- Directed by: Sunil Kumar Desai
- Screenplay by: Sunil Kumar Desai
- Story by: Sunil Kumar Desai
- Produced by: S. Srinivasa Murthy G. D. Suresh Gowda
- Starring: Prema Anand
- Cinematography: H. C. Venu
- Edited by: R. Janardhan
- Music by: Guna Singh
- Production company: Sri Seetha Bhairaveshwara Productions
- Release date: 15 November 2002;
- Running time: 126 minutes
- Country: India
- Language: Kannada

= Marma (film) =

Marma is a 2002 Indian Kannada-language psychological thriller film directed by Sunil Kumar Desai. It stars Prema and Anand in the lead roles. Master Hirannaiah, Kishori Ballal, Arun Sagar, Yashwant Sardeshpande feature in supporting roles. The film presents the story of a woman who has a split personality and post traumatic stress disorder (PTSD). Desai had revealed that the plot of the movie had been culled out from an English book which he had read years before he conceptualized the film - from a short story he had read in 1982.

==Plot==
Anand has thrown a party to celebrate his engagement to Sudha and promises to pick her up from her residence. When he fails to turn up, she drives towards his place, but gets held up midway due to a downpour and knocks on the door of a nearby house. Upon entering, she discovers a corpse of a girl. Sensing an attack, she begins to run for cover, but in the struggle, falls off the roof of the house. She loses consciousness and is taken to a hospital.
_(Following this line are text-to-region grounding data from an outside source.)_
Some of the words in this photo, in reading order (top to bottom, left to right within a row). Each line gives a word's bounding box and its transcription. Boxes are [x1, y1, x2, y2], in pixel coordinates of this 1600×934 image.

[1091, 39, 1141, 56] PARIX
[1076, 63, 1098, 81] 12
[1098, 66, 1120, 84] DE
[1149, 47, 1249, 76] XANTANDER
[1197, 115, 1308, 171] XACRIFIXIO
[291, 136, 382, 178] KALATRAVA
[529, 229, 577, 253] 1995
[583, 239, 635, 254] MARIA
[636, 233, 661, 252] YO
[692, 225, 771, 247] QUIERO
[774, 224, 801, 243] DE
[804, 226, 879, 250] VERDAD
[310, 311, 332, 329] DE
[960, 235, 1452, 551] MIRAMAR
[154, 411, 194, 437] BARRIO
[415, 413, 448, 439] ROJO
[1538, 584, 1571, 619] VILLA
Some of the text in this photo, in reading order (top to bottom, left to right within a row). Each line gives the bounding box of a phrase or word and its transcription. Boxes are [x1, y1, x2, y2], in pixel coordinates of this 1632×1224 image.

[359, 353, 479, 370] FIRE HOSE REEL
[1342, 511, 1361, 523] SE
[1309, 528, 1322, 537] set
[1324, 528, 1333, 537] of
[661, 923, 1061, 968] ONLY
Sudha describes the experience upon returning home, but nobody believes her. She fails to recover from the harrowing experience and in one incident, starts a fight with someone in her imagination trying to kill them. Efforts from her fiancé and a psychiatrist to help her recover go in vain. The psychiatrist later believes her when she says a person on a TV program is the killer. He finds the house where Sudha was attacked and takes her there along with her family. Sudha is clear about what she saw that night: the corpse of a girl, and has the button of the girl's dress as evidence. When they arrive at the house, she does not find the corpse. Sudha discovers that the person who she believes attacked her that night is deaf and blind, and that he was a relative of the residents of that house and the girl who died had gotten engaged to him prior to her death. The man explains the reason he followed her was to describe the truth he knew to their family.
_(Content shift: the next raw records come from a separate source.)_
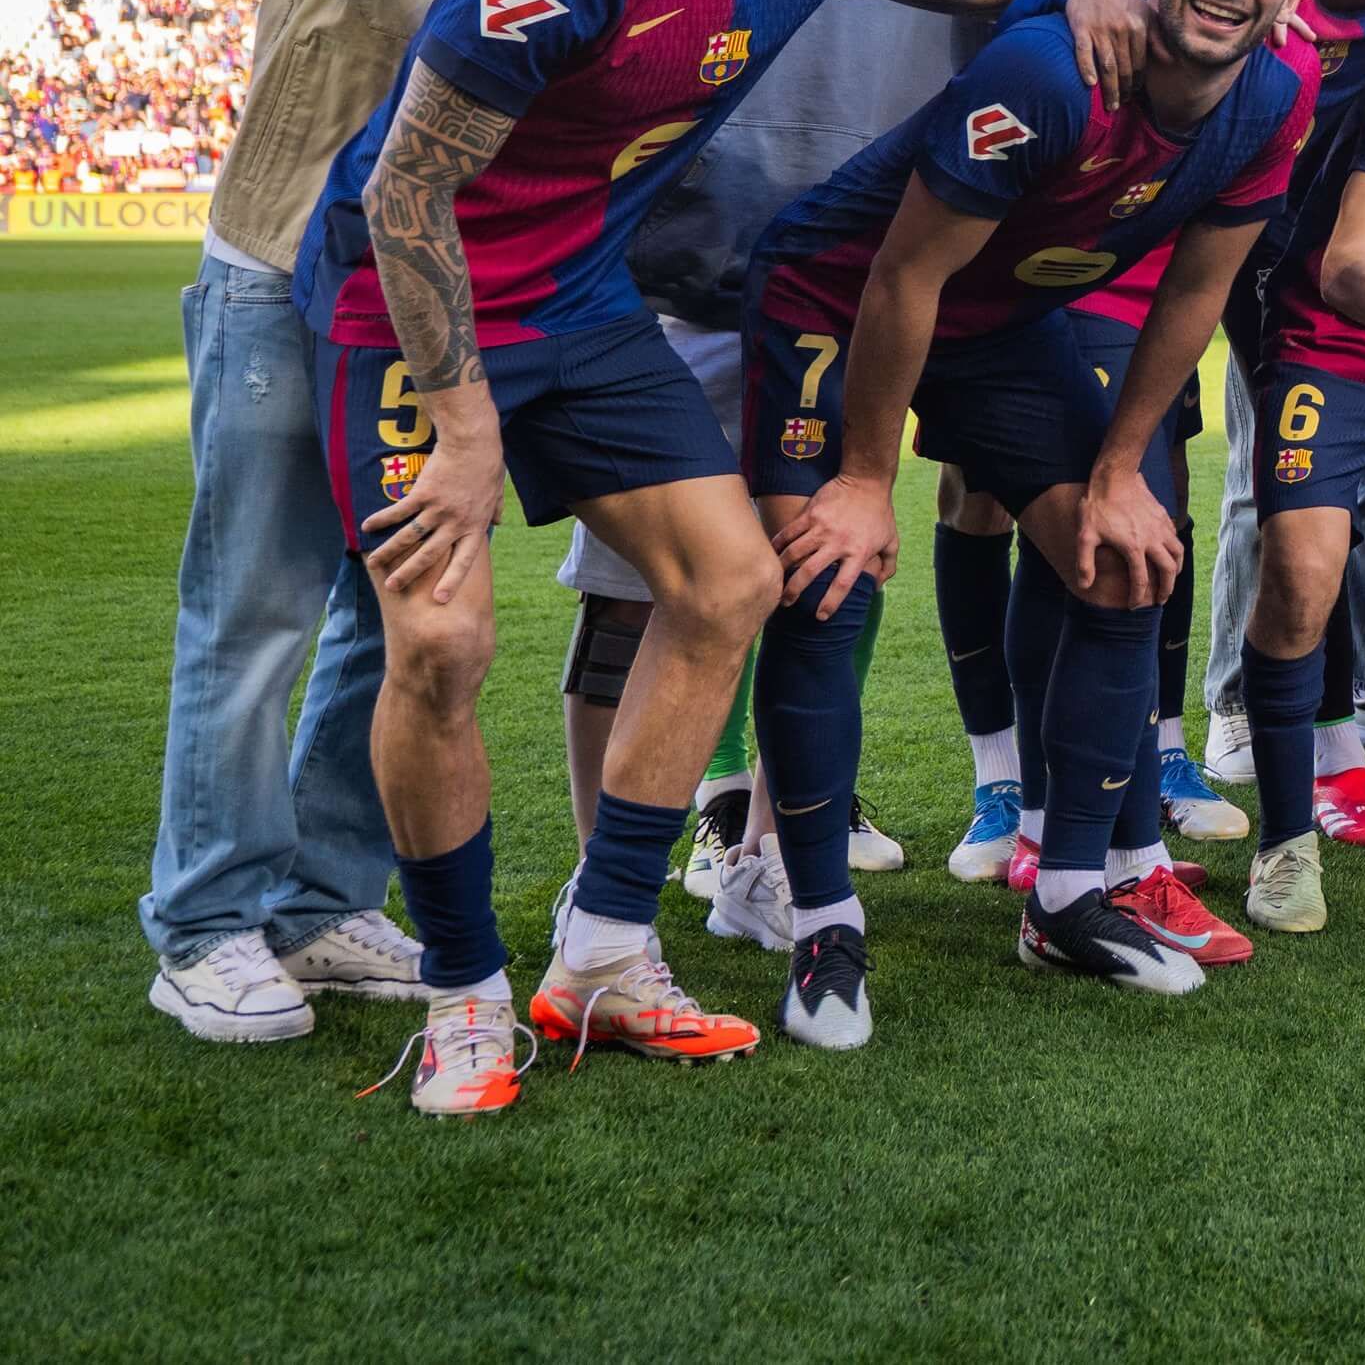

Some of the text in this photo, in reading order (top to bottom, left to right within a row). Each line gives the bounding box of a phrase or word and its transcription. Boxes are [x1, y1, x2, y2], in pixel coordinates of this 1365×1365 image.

[28, 200, 206, 228] UNLOCK
[378, 361, 433, 448] 5
[795, 333, 840, 409] 7
[1278, 383, 1326, 442] 6
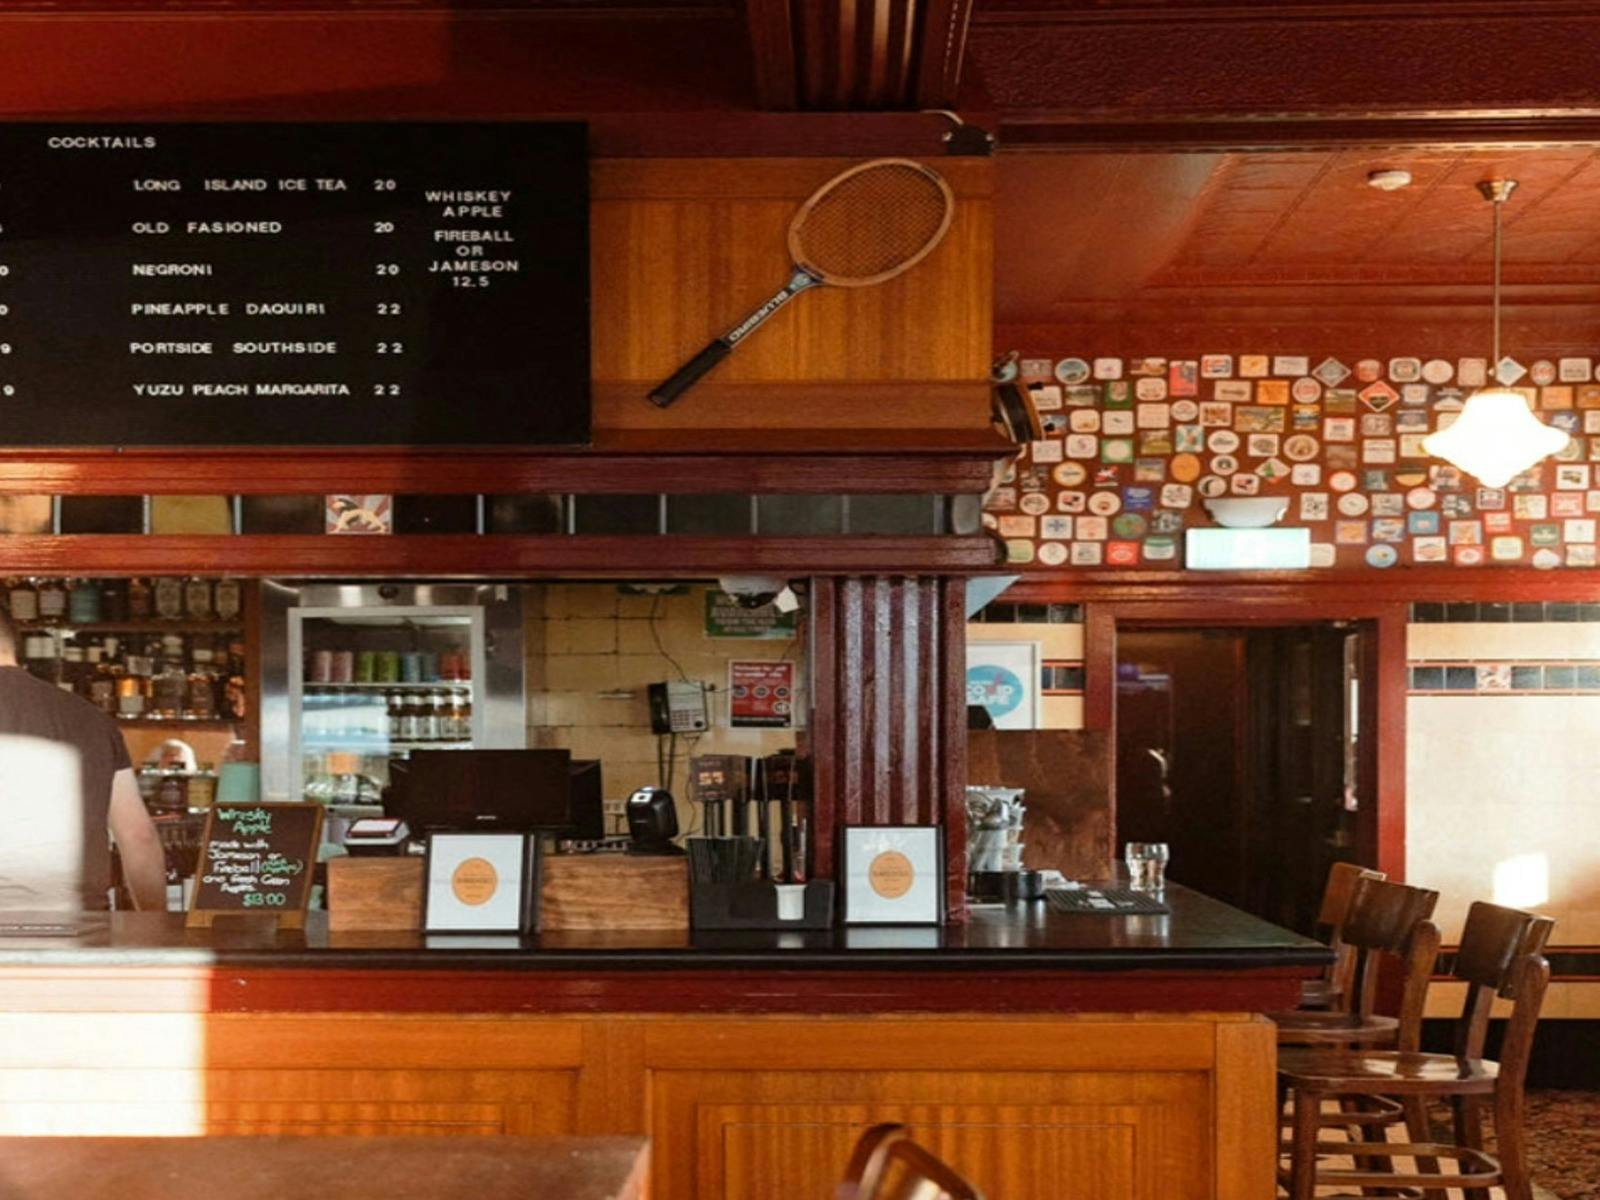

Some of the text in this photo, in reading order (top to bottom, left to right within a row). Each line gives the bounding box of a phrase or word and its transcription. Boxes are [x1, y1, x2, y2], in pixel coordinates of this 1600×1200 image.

[47, 136, 156, 149] COCKTAILS
[133, 178, 397, 192] LONG ISLAND ICE TEA 20
[425, 190, 512, 203] WHISKEY
[442, 205, 503, 218] APPLE
[132, 221, 395, 234] OLD FASIONED 20
[434, 229, 514, 242] FIREBALL
[455, 245, 484, 257] OR
[132, 263, 400, 277] NEGRONI 20
[428, 260, 519, 273] JAMESON
[452, 275, 489, 288] 12.5
[131, 302, 230, 316] PINEAPPLE
[377, 302, 401, 316] 22
[129, 341, 403, 355] PORTSIDE SOUTHSIDE 22
[133, 383, 401, 397] YUZU PEACH MARGARITA 22
Sudha finds a tie clip in a corner of the house and identifies it as one belonging to Anand. When she goes to recover it at the house, she encounters Anand, who is there to retrieve it. She proceeds to confront him and he confesses to committing the murder. In a flashback sequence, it is revealed that as Anand is hurrying through the rain to pick up Sudha, he hits and kills a young boy. A young girl notices him burying the boy's corpse and he proceeds to kill her too. Anand then explains that it was he that took Sudha to the hospital before disposing the girl's corpse. Following the confession, he attempts to kill her, but ends up killing himself. After everything seems to have been resolved, it is revealed that Maya, a friend of Sudha's, who had been a frequent visitor at her residence, is only a figment of her imagination. Sudha had been hallucinating about Maya since her childhood and has made up her whole life story including Maya having a daughter who also accompanies her during the visits. The psychiatrist explains that Sudha has a positive mind which includes positive characters like Maya and a negative mind, where she has placed Prashanth. When Sudha gets home, she sees Anand in her room and lets out a scream.

== Cast ==
- Prema as Sudha
- Anand as Anand
- Shivaraj
- Arun Sagar as Prashanth
- Master Hirannaiah
- Kishori Ballal
- Yashwant Sardeshpande
- Khadar
- Vaishnavi
- G. V. Sharada
- Hemashree
- Shringar Nagaraj
- K. V. Manjayya

== Reception ==
The reviewer for Deccan Herald felt that the "film runs on a wafer-thin plot and a repeatedly screenplay-oriented theme." However, he felt that film was "[w]atchable" and that the editing was "slick". Of the acting performances, he wrote, "Prema has come up with a superlative performance as the troubled woman. Debutant Anand is promising." Viggy.com in its review wrote, "Desai keeps you in suspense till the end of the film with the cinematography of H.C. Venu. Prema's performance is excellent. Hats off to Prema. Arun Sagar too does to justice to his role. Newcomer Anand is promising. Background score by Gunasingh is little too loud."